## Problem requirements
Copy each entry exactly, leaving nothing out.

## Entries provided
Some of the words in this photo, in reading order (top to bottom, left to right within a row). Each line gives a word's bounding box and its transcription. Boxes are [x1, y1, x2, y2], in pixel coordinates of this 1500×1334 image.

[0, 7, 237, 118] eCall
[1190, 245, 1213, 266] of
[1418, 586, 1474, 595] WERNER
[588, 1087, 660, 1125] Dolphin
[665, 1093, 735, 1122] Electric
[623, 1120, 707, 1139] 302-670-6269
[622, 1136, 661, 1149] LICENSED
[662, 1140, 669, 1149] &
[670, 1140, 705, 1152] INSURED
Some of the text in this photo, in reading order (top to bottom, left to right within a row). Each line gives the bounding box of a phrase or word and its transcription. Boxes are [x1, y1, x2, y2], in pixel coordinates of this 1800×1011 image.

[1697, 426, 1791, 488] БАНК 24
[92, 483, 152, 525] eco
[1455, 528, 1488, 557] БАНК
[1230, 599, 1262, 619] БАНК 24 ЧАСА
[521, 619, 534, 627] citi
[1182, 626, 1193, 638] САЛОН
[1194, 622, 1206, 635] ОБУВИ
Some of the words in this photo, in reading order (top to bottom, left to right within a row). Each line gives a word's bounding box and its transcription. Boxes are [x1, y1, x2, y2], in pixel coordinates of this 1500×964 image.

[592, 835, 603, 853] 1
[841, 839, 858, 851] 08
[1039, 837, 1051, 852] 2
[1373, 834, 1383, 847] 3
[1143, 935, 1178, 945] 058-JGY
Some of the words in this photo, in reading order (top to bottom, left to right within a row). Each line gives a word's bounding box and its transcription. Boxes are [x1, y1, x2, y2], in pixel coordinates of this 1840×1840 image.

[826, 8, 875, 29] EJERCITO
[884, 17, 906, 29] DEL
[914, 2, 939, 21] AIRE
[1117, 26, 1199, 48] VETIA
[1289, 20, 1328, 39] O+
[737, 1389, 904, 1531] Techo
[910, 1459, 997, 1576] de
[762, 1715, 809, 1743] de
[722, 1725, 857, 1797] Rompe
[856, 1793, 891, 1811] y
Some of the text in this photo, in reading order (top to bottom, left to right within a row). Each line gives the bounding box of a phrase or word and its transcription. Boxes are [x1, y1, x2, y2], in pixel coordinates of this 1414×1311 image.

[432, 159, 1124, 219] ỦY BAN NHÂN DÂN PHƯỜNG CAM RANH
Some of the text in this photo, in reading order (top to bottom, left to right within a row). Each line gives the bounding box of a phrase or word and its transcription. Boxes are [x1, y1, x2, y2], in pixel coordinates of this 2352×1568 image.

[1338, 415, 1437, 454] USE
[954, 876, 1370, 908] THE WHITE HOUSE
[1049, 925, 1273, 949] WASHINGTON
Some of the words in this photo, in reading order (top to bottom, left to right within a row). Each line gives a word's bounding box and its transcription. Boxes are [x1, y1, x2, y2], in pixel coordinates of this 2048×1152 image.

## Answer to this problem
Some of the words in this photo, in reading order (top to bottom, left to right within a row). Each line gives a word's bounding box and its transcription. Boxes are [x1, y1, x2, y2], in pixel coordinates of this 1500×1334 image.

[0, 7, 237, 118] eCall
[1190, 245, 1213, 266] of
[1418, 586, 1474, 595] WERNER
[588, 1087, 660, 1125] Dolphin
[665, 1093, 735, 1122] Electric
[623, 1120, 707, 1139] 302-670-6269
[622, 1136, 661, 1149] LICENSED
[662, 1140, 669, 1149] &
[670, 1140, 705, 1152] INSURED
Some of the text in this photo, in reading order (top to bottom, left to right within a row). Each line gives the bounding box of a phrase or word and its transcription. Boxes are [x1, y1, x2, y2], in pixel coordinates of this 1800×1011 image.

[1697, 426, 1791, 488] БАНК 24
[92, 483, 152, 525] eco
[1455, 528, 1488, 557] БАНК
[1230, 599, 1262, 619] БАНК 24 ЧАСА
[521, 619, 534, 627] citi
[1182, 626, 1193, 638] САЛОН
[1194, 622, 1206, 635] ОБУВИ
Some of the words in this photo, in reading order (top to bottom, left to right within a row). Each line gives a word's bounding box and its transcription. Boxes are [x1, y1, x2, y2], in pixel coordinates of this 1500×964 image.

[592, 835, 603, 853] 1
[841, 839, 858, 851] 08
[1039, 837, 1051, 852] 2
[1373, 834, 1383, 847] 3
[1143, 935, 1178, 945] 058-JGY
Some of the words in this photo, in reading order (top to bottom, left to right within a row). Each line gives a word's bounding box and its transcription. Boxes are [x1, y1, x2, y2], in pixel coordinates of this 1840×1840 image.

[826, 8, 875, 29] EJERCITO
[884, 17, 906, 29] DEL
[914, 2, 939, 21] AIRE
[1117, 26, 1199, 48] VETIA
[1289, 20, 1328, 39] O+
[737, 1389, 904, 1531] Techo
[910, 1459, 997, 1576] de
[762, 1715, 809, 1743] de
[722, 1725, 857, 1797] Rompe
[856, 1793, 891, 1811] y
Some of the text in this photo, in reading order (top to bottom, left to right within a row). Each line gives the bounding box of a phrase or word and its transcription. Boxes are [x1, y1, x2, y2], in pixel coordinates of this 1414×1311 image.

[432, 159, 1124, 219] ỦY BAN NHÂN DÂN PHƯỜNG CAM RANH
Some of the text in this photo, in reading order (top to bottom, left to right within a row). Each line gives the bounding box of a phrase or word and its transcription. Boxes are [x1, y1, x2, y2], in pixel coordinates of this 2352×1568 image.

[1338, 415, 1437, 454] USE
[954, 876, 1370, 908] THE WHITE HOUSE
[1049, 925, 1273, 949] WASHINGTON
Some of the words in this photo, in reading order (top to bottom, left to right within a row). Each line gives a word's bounding box and its transcription. Boxes are [x1, y1, x2, y2], in pixel coordinates of this 2048×1152 image.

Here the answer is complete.